On January 6th, 2005, Nelson Mandela's son Makgatho died. Later that day, Nelson Mandela shocked the world by announcing the cause of death.
It was the first time an African leader had spoken about the loss of a family member to AIDS.
"I just remember his voice was so raw, and he said my son had AIDS, my son died of AIDS," said Stephanie Nolen, author of 28: Stories of AIDS in Africa. "There was no other African leader who had spoken out like this, although at that point, there were about 28 million Africans living with HIV. So it was an earthquake in South Africa, in fact all across the continent."
Even though 800 people were dying of AIDS in South Africa every day, no one talked about the skyrocketing rate of infection. But why hadn't Mandela addressed the AIDS crisis when he was the leader of South Africa?
When he took office in 1994, the infection rate had reached 10% of sexually active adults. In his five years as president, the infection rate grew to more than 20% of adults.
Nolen said Mandela's wife, Graca Machel, gave a reason why he hadn't acted. Machel said Mandela was hearing from people, "this is a crisis, this is a terrible problem," but he was also hearing, "this is a disease we can't treat," said Nolen. "So it was a death sentence, you had these millions of people who were going to die and you could do nothing."
At the time, anti-retroviral drugs were prohibitively expensive for poorer countries, like South Africa.

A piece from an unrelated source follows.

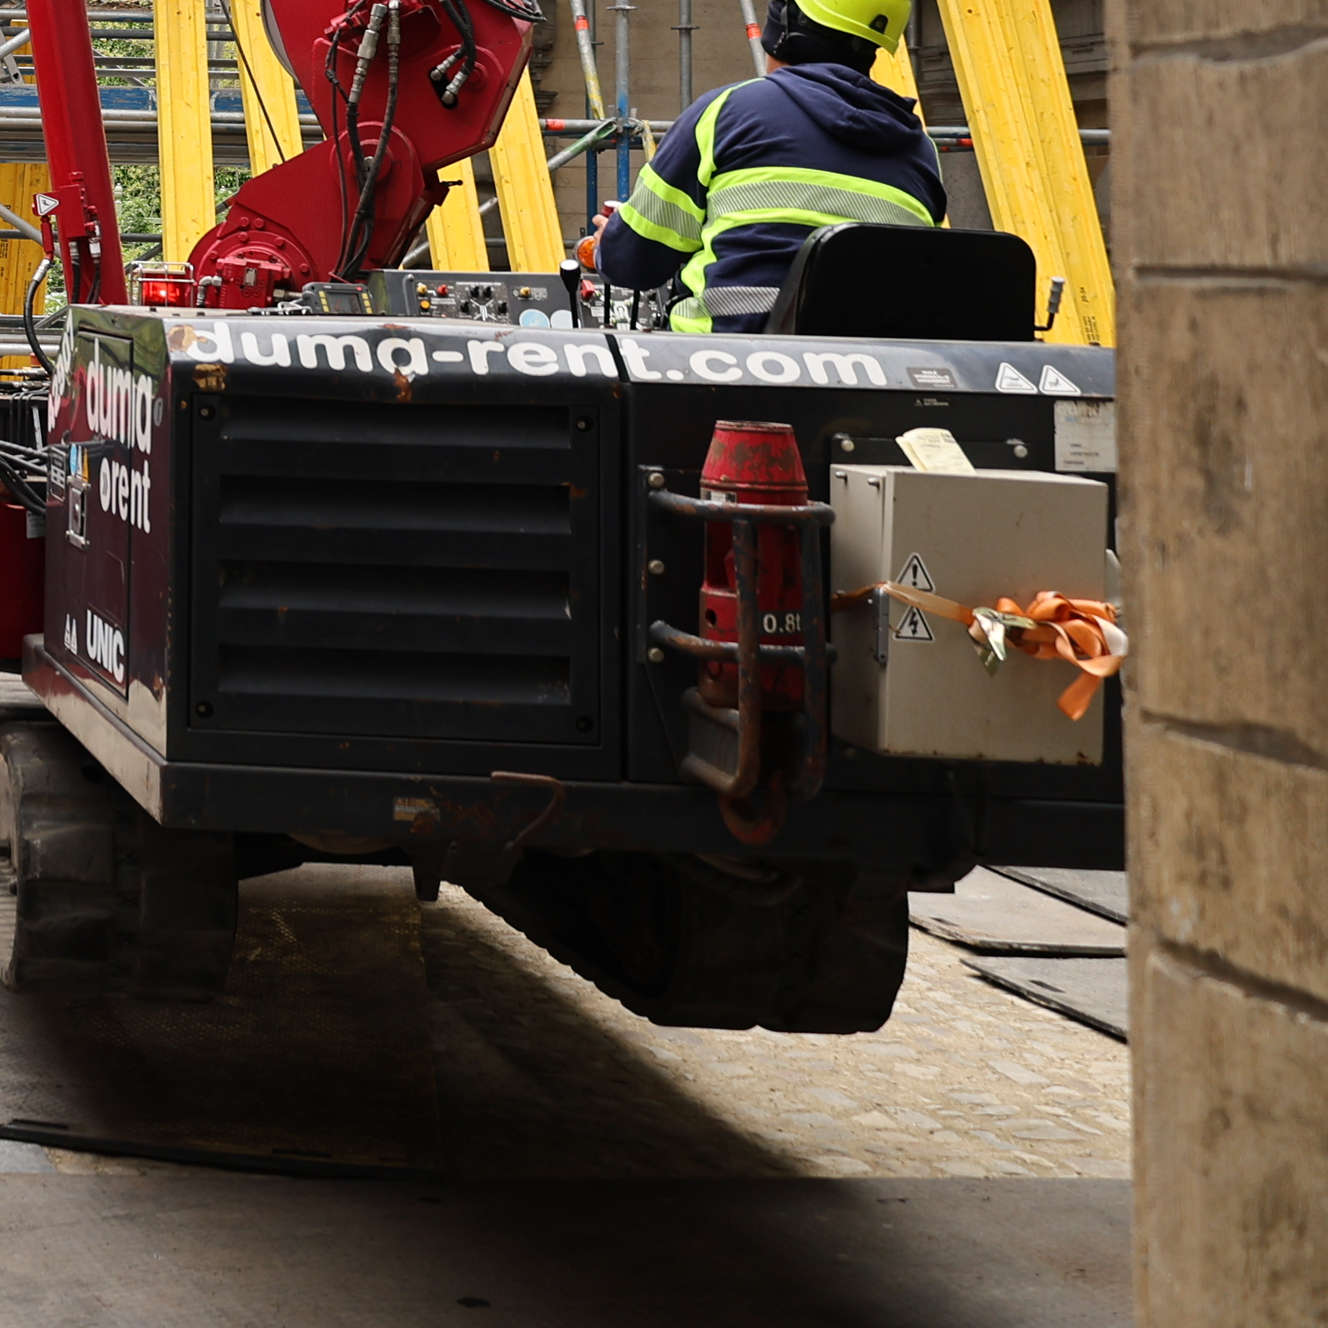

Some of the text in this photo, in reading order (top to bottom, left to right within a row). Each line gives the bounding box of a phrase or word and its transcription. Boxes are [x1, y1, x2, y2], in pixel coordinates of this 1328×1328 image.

Yet even after drugs became more affordable, there was another huge impediment to fighting AIDS in South Africa. It was Nelson Mandela's successor, Thabo Mbeki.
Mbeki was a forceful HIV denier. Mandela tried repeatedly to get Mbeki to discuss AIDS with him. The conflict between them came to a head at the African National Congress meeting in 2004.
"There was this terrible moment," said Nolen. "Mr. Mandela stood up and said that there is this drug, Nevirapine, that will keep HIV-positive pregnant women from infecting their babies and this drug is being made available."
Thabo Mbeki's response to Mandela was blunt. “Sit down, old man."
"I think that in a life that had very few missteps, his lateness to his response to HIV, his failure to act when he could have had a much larger impact, is always going to be counted against him," concluded Nolen. "But I think it's also a somewhat redemptive story because he did come to see, and admit very publicly, that he had made a mistake."